The lines to be set down run from the line containing "this 1920×1440 image." through the final line of the data below; print them exactly and print nothing else.

DATA FOR THE TASK Start Marker

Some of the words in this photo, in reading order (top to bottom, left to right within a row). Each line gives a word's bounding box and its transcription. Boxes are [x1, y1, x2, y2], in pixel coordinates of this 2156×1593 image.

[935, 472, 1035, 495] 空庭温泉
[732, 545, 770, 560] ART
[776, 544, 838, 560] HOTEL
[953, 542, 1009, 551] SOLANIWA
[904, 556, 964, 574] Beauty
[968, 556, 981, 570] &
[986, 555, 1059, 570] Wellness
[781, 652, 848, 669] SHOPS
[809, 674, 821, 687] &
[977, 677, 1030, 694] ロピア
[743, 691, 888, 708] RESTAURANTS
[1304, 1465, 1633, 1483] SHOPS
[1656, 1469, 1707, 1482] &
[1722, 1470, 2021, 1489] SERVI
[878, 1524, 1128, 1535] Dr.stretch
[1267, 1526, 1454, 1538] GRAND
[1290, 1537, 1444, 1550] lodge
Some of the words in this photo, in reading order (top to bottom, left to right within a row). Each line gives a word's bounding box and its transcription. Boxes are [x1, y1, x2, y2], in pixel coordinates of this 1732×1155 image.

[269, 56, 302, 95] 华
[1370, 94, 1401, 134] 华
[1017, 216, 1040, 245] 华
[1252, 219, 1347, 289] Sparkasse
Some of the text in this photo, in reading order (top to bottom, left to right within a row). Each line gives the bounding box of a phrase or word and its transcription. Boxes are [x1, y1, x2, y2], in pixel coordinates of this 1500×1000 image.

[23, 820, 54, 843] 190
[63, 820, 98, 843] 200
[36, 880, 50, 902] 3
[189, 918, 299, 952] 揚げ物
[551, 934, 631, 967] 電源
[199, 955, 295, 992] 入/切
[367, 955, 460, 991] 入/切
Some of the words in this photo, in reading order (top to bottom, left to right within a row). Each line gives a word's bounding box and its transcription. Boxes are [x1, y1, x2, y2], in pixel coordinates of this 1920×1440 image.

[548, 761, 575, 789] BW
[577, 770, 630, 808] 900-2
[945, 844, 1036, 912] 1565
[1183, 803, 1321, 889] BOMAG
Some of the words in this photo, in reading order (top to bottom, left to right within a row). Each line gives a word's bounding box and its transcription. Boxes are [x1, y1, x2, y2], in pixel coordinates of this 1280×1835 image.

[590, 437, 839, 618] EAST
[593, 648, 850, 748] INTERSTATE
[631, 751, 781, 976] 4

DATA FOR THE TASK End Marker

- _RESPONSE TO THIS TASK_
Some of the words in this photo, in reading order (top to bottom, left to right within a row). Each line gives a word's bounding box and its transcription. Boxes are [x1, y1, x2, y2], in pixel coordinates of this 1920×1440 image.

[548, 761, 575, 789] BW
[577, 770, 630, 808] 900-2
[945, 844, 1036, 912] 1565
[1183, 803, 1321, 889] BOMAG
Some of the words in this photo, in reading order (top to bottom, left to right within a row). Each line gives a word's bounding box and its transcription. Boxes are [x1, y1, x2, y2], in pixel coordinates of this 1280×1835 image.

[590, 437, 839, 618] EAST
[593, 648, 850, 748] INTERSTATE
[631, 751, 781, 976] 4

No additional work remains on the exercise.